OGH 2Nd4/94

2Nd4/94Supreme CourtApr 8, 1994

Full text

OGH 2Nd4/94

  • Dokumenttyp: Entscheidungstext
  • Entscheidungsdatum: 08.04.1994

Kopf

Der Oberste Gerichtshof hat durch den Senatspräsidenten des Obersten Gerichtshofes Dr.Melber als Vorsitzenden und durch die Hofräte des Obersten Gerichtshofes Dr.Graf und Dr.Schinko als weitere Richter in der Rechtssache der klagenden Partei Ö***** Gesellschaft mbH, ***** vertreten durch Dr.Lutz Hötzl, Dr.Manfred Michalek, Rechtsanwälte in Wien, wider die beklagte Partei "W*****" Versicherungs AG, ***** vertreten durch Dr.Gottfried Hammerschlag, Dr.Wilhelm Dieter Eckhart, Rechtsanwälte in Klagenfurt, wegen S 9.484 sA (AZl 32 C 293/94 des Bezirksgerichtes Innere Stadt Wien), über den Delegierungsantrag der beklagten Partei folgenden

Beschluß

gefaßt:

Spruch

Anstelle des Bezirksgerichtes Innere Stadt Wien wird zur Verhandlung und Entscheidung dieser Rechtssache das Bezirksgericht Klagenfurt bestimmt.

Begründung

Begründung:

Die klagende Partei erhebt gegen die beklagte Versicherungsgesellschaft Schadenersatzansprüche aus einem im Sprengel des Bezirksgerichtes Klagenfurt unter Beteiligung von zwei Kraftfahrzeugen erfolgten Verkehrsunfall, bei welchem das Fahrzeug der klagenden Partei durch ein von der Ladefläche eines bei der beklagten Partei haftpflichtversicherten Fahrzeuges herabgefallenes Holzstück beschädigt worden sein soll. Die Tat- und die Verschuldensfrage sind strittig. Nach den Anträgen der beklagten Partei wird voraussichtlich ein Ortsaugenschein vorzunehmen und werden überdies voraussichtlich drei im Sprengel des Bezirksgerichtes Klagenfurt wohnhafte Zeugen sowie ein Kraftfahrzeugsachverständiger zu vernehmen sein. Die klagende Partei hat (bislang) lediglich die Reparaturrechnung und Korrespondenz als Beweis geführt.
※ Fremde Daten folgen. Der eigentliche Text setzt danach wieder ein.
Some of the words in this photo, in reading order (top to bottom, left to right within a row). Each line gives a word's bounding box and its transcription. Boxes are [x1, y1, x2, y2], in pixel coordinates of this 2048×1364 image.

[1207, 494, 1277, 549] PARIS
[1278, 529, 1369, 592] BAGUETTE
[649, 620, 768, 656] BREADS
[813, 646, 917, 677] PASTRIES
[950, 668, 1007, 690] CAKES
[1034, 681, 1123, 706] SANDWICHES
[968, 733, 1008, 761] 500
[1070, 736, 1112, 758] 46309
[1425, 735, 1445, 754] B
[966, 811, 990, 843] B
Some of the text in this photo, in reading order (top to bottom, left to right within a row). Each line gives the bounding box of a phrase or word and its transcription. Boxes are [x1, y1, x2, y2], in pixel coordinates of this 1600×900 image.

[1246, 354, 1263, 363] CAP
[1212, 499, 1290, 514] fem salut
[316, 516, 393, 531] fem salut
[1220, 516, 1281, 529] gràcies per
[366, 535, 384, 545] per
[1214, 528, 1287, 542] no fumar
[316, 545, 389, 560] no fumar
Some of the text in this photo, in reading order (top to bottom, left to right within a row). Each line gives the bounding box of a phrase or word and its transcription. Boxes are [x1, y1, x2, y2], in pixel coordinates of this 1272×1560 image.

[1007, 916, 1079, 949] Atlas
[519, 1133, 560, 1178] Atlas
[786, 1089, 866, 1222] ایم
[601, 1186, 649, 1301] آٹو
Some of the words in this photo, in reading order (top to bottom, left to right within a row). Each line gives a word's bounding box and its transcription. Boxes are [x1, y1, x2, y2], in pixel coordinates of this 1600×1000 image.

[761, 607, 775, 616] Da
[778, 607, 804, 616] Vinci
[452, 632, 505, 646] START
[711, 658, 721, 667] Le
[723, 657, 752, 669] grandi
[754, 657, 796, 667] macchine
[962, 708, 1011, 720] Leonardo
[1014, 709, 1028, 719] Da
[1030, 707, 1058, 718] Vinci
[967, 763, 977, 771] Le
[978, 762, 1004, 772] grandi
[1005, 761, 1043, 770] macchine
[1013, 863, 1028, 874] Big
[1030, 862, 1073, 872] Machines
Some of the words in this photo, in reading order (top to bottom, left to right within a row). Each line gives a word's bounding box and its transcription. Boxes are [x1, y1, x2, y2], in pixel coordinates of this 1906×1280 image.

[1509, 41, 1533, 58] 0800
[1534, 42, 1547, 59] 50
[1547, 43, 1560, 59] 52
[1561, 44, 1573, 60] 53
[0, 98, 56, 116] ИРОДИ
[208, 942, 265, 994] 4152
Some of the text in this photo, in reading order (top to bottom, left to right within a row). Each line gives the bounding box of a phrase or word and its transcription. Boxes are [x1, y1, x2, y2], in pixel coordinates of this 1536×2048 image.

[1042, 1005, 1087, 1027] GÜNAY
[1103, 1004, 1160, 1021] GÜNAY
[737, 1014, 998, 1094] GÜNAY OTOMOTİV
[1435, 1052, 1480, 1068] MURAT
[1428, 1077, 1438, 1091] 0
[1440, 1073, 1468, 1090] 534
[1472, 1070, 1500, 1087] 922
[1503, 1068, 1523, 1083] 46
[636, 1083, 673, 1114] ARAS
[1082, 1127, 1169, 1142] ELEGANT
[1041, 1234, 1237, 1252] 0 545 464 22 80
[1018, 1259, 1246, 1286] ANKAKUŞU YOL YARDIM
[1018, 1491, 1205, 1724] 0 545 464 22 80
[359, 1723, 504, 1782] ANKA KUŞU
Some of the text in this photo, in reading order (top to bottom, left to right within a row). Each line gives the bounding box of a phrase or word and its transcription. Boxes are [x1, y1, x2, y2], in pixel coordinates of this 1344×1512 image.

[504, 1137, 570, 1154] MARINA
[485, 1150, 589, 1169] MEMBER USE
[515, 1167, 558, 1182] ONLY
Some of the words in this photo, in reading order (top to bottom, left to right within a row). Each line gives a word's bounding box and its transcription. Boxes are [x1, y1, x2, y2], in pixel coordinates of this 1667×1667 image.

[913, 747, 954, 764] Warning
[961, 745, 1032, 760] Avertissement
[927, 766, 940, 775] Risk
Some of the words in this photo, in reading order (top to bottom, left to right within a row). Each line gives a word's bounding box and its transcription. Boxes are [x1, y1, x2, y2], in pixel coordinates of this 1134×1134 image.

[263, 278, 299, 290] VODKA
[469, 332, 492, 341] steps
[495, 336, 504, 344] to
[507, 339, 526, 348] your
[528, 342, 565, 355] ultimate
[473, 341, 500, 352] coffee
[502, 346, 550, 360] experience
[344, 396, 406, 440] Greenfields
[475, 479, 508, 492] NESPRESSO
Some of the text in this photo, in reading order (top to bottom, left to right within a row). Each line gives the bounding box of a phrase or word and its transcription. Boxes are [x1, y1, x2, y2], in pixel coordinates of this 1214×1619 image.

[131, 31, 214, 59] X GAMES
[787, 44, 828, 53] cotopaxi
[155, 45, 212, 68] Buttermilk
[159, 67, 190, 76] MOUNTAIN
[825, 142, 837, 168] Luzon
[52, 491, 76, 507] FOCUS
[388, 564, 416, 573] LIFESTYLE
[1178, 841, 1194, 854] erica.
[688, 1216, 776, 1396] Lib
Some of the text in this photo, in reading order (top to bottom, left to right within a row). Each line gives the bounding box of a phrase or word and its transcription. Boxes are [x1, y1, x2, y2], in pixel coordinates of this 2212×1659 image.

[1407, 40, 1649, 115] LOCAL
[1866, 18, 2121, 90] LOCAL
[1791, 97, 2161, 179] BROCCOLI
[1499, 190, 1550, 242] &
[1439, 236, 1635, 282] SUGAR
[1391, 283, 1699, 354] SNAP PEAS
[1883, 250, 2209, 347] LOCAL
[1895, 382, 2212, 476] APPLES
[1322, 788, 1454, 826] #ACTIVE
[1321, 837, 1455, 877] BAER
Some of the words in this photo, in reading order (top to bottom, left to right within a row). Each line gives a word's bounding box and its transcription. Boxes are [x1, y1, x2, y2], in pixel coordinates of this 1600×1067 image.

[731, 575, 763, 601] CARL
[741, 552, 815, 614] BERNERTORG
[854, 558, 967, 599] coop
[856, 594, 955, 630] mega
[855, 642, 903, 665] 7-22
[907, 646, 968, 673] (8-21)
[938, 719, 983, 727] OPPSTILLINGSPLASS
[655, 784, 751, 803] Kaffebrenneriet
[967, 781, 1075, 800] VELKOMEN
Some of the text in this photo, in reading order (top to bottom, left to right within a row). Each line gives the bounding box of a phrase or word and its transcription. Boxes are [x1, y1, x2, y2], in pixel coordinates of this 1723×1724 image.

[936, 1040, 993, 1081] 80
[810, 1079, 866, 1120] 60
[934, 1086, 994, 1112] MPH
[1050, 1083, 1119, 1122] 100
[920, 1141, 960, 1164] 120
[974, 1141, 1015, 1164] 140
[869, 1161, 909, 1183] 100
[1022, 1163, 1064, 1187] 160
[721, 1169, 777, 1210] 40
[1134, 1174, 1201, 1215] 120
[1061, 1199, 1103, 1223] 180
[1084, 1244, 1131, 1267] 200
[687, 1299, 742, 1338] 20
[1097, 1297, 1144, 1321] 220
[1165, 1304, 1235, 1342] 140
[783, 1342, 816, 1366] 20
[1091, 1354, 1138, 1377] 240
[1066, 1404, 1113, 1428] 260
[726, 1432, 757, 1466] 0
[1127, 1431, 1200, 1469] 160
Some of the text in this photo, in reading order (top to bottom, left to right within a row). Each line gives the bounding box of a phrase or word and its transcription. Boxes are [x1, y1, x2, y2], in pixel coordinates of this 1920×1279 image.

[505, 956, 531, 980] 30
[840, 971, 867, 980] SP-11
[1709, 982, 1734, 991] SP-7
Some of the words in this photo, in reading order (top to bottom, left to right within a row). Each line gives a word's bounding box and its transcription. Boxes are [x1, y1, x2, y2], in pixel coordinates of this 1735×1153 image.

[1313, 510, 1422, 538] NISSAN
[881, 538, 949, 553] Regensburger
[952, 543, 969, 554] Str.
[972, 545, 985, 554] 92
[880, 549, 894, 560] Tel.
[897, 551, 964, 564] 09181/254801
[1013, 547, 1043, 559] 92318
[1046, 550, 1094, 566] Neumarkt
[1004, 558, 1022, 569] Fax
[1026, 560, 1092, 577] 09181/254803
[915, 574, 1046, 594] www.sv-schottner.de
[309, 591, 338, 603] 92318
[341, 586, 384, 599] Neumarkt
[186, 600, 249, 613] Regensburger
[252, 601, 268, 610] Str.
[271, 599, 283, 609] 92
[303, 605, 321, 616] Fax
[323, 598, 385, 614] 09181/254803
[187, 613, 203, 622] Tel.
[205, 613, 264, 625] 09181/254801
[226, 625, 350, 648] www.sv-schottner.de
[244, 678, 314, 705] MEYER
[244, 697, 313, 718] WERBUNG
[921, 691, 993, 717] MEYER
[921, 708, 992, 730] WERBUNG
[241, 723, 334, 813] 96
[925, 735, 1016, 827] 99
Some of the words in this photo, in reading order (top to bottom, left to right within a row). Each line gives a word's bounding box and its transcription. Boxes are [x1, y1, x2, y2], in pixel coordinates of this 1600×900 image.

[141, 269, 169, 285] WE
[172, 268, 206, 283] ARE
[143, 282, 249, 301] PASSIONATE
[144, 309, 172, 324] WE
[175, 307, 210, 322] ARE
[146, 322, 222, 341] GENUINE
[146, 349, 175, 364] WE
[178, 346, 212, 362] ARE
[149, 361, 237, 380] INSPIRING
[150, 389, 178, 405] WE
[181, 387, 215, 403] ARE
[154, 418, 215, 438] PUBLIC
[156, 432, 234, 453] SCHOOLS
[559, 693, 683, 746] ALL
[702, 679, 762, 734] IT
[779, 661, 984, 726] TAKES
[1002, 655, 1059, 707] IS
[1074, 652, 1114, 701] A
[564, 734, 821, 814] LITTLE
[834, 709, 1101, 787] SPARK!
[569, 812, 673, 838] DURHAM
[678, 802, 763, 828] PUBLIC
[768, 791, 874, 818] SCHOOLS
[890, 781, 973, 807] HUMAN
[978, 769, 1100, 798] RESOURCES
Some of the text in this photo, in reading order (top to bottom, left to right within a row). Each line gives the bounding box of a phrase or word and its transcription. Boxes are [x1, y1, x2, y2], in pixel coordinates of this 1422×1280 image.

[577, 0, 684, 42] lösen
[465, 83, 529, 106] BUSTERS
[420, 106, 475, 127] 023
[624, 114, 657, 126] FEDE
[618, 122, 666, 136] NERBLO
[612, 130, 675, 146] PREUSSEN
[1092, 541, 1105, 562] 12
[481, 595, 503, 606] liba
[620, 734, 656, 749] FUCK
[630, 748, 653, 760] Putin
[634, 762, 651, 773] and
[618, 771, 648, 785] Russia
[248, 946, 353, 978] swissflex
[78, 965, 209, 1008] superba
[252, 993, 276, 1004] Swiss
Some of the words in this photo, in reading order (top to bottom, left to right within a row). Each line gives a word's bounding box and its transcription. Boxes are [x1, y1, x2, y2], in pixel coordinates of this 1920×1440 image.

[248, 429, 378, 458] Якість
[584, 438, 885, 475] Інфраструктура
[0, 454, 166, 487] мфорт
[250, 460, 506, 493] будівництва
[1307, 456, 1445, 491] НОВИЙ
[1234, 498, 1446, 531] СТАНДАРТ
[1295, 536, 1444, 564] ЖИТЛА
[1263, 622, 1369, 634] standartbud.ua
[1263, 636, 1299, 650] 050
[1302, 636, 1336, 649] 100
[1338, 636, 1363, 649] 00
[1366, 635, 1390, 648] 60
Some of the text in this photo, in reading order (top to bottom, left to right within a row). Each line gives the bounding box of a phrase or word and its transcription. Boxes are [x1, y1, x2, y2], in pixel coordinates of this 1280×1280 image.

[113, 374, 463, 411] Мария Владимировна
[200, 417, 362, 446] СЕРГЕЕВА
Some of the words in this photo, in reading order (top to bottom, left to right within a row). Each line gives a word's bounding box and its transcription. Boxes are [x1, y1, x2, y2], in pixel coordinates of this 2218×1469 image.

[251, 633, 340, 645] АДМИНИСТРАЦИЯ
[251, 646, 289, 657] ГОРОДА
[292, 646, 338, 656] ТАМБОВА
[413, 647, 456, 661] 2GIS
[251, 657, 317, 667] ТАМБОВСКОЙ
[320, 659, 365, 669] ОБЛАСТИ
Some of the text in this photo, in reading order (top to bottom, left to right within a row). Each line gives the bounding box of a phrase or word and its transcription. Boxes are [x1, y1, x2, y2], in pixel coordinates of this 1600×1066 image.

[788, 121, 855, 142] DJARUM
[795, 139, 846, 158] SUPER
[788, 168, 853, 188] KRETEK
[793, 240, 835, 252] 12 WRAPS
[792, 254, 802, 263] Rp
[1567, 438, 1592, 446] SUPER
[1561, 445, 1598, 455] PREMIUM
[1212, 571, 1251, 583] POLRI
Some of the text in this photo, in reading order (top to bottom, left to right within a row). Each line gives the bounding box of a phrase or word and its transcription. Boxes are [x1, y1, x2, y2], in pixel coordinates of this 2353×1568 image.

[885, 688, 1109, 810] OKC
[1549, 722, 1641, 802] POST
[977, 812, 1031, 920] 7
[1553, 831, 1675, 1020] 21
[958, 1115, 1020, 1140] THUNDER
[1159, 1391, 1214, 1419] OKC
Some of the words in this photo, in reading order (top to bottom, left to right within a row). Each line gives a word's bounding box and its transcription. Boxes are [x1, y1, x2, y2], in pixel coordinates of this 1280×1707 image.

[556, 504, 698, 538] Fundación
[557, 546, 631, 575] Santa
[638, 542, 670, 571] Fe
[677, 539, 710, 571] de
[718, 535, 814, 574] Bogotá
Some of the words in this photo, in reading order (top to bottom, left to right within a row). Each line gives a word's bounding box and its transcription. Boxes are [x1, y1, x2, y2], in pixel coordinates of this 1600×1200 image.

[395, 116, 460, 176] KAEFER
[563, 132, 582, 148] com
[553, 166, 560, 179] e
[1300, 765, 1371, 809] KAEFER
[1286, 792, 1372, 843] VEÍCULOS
Mit Rücksicht darauf, daß die im Zuge der Einvernahme der Zeugen und des Sachverständigen möglichen Demonstrationen an Ort und Stelle (nahezu) die gesamte Beweisaufnahme an der Unfallsörtlichkeit erforderlich machen könnten, ist die Delegierung des für den Unfallsort zuständigen Bezirksgerichtes Klagenfurt im Sinne des § 31 JN zweckmäßig und daher - auch gegen den ungerechtfertigten Widerspruch der klagenden Partei (EvBl 1966/380; 2 Nd 2/93; 2 Nd 13/93 uva) - gemäß § 31 Abs. 2 JN anzuordnen.